Selecting the Appropriate Shunt for Your Battery Monitor

Selecting the Appropriate Shunt for Your Battery Monitor

You have recently acquired your first battery monitor and have been advised that a shunt is necessary. As you explore your options, you notice that shunts are rated by amperage: 100A, 250A, 500A, and so on. Observing that the prices for the 250A and 500A shunts are similar, you might be tempted to opt for the 500A model, assuming larger is better. This, however, is a misconception. Continue reading to gain a comprehensive understanding of shunts.

Understanding Shunts

Before delving into the specifics of what a shunt is, let's first clarify why a shunt is needed,

Your battery monitor must measure two electrical parameters to function correctly: the battery voltage and the current flowing into and out of the battery. While measuring voltage is straightforward, involving analog circuitry and a microcontroller with an ADC input, measuring current is more complex. This is achieved by measuring the effects of current flow.

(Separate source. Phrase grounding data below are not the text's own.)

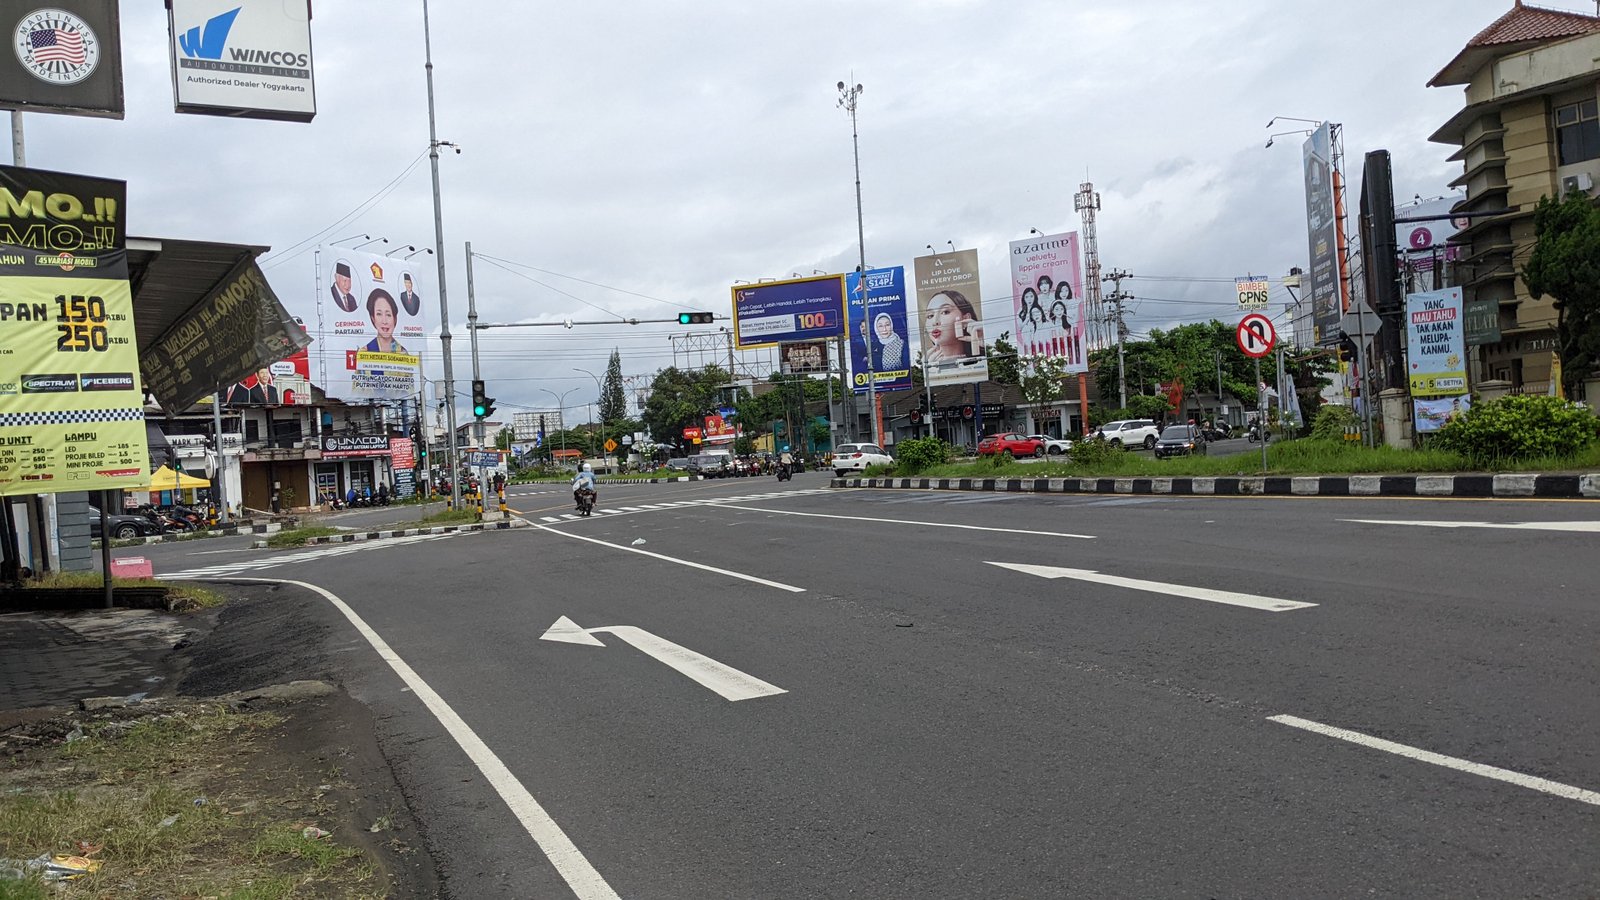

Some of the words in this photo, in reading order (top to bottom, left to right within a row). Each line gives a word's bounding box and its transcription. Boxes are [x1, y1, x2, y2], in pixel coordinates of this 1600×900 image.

[20, 13, 50, 36] MADE
[58, 14, 71, 22] IN
[76, 23, 94, 46] USA
[229, 48, 308, 67] WINCOS
[24, 56, 53, 79] MADE
[73, 62, 92, 78] USA
[187, 60, 263, 74] AUTOMOTIVE
[272, 68, 306, 78] FILMS
[187, 76, 232, 86] Authorized
[234, 80, 260, 88] Dealer
[262, 82, 305, 92] Yogyakarta
[1416, 234, 1426, 244] 4
[1026, 252, 1056, 262] velvety
[1018, 263, 1040, 272] lippie
[1042, 259, 1068, 268] cream
[930, 276, 951, 284] EVERY
[1238, 282, 1268, 291] BIMBEL
[1239, 290, 1268, 304] CPNS
[55, 295, 106, 323] 150
[1424, 299, 1444, 310] YANG
[0, 303, 48, 322] PAN
[1413, 312, 1432, 322] MAU
[1433, 310, 1456, 320] TAHU,
[798, 312, 824, 328] 100
[1416, 324, 1432, 334] TAK
[1432, 322, 1454, 332] AKAN
[57, 325, 108, 352] 250
[1420, 333, 1452, 344] MELUPA-
[1421, 344, 1452, 356] KANMU.
[856, 374, 864, 384] 3
[1412, 380, 1418, 388] 4
[1429, 379, 1434, 388] 5
[8, 436, 32, 444] UNIT
[65, 432, 97, 441] LAMPU
[338, 437, 387, 445] UNACOM

When current flows through an electrical conductor, it encounters electrical resistance. All materials exhibit some resistance, whether it be a wire, a piece of metal, or a resistor. A resistor, an electronic component with a calibrated resistance, is termed a shunt when used to measure current. Shunts are specifically designed to handle large currents, ranging from tens to thousands of amperes. By the way, the unit of measurement for electrical current, amperes (A), honors André-Marie Ampère, a pioneering French mathematician and physicist in electromagnetism.

According to Ohm's Law, the voltage across a resistor is the product of the current through it and its resistance in ohms. Thus, by passing current through a calibrated resistor and measuring the voltage drop, current can be accurately measured.

An alternative method involves measuring the magnetic field strength generated by the current flow, using Hall sensors. While functional, Hall sensors are less accurate.

Selecting a Shunt

Shunts are marked with two ratings: for instance, 500A / 75mV indicates a shunt rated for up to 500A with a voltage drop of 75mV at full current. This provides the shunt’s resistance, calculated using Ohm's Law: R = V / I. For a 500A / 75mV shunt, the resistance is 0.075V / 500A = 0.15 milli-Ohms.

Criteria for Shunt Selection

Current Rating: The shunt must be rated for at least the maximum expected current in your system. If your system's maximum current is 400A, opt for a 500A shunt, incorporating a minimum safety margin of 10-20%.

Voltage Drop: Efficiency demands a low voltage drop to minimize power wastage (converted to heat) across the shunt. However, a lower voltage drop also means lower measurement resolution and increased susceptibility to electrical noise. For example, a 500A / 10mV shunt results in only a 10mV drop at 500A, 1mV at 50A or 20uV at 1A. Measuring only 20µV is becoming a challenge if low noise interference and high resolution are expected.

For optimal performance, select a shunt that balances current rating and voltage drop. A 250A / 75mV shunt at 200A results in a 60mV drop, providing higher resolution and more accurate readings than a 500A / 75mV shunt, which would only yield a 30mV drop at the same current.

Preferred Shunt Specifications

Most shunts are rated at 50mV, 75mV, or 100mV. At Thornwave Labs, we recommend 75mV shunts as they offer a balanced compromise between voltage drop and accuracy. Our PowerMon battery monitors are equipped with advanced differential amplifiers that ensure precise and low-noise measurements of minimal voltage drops. While compatible with 50mV shunts, we believe the 75mV shunts deliver optimal performance. The final decision remains with you, based on your specific requirements.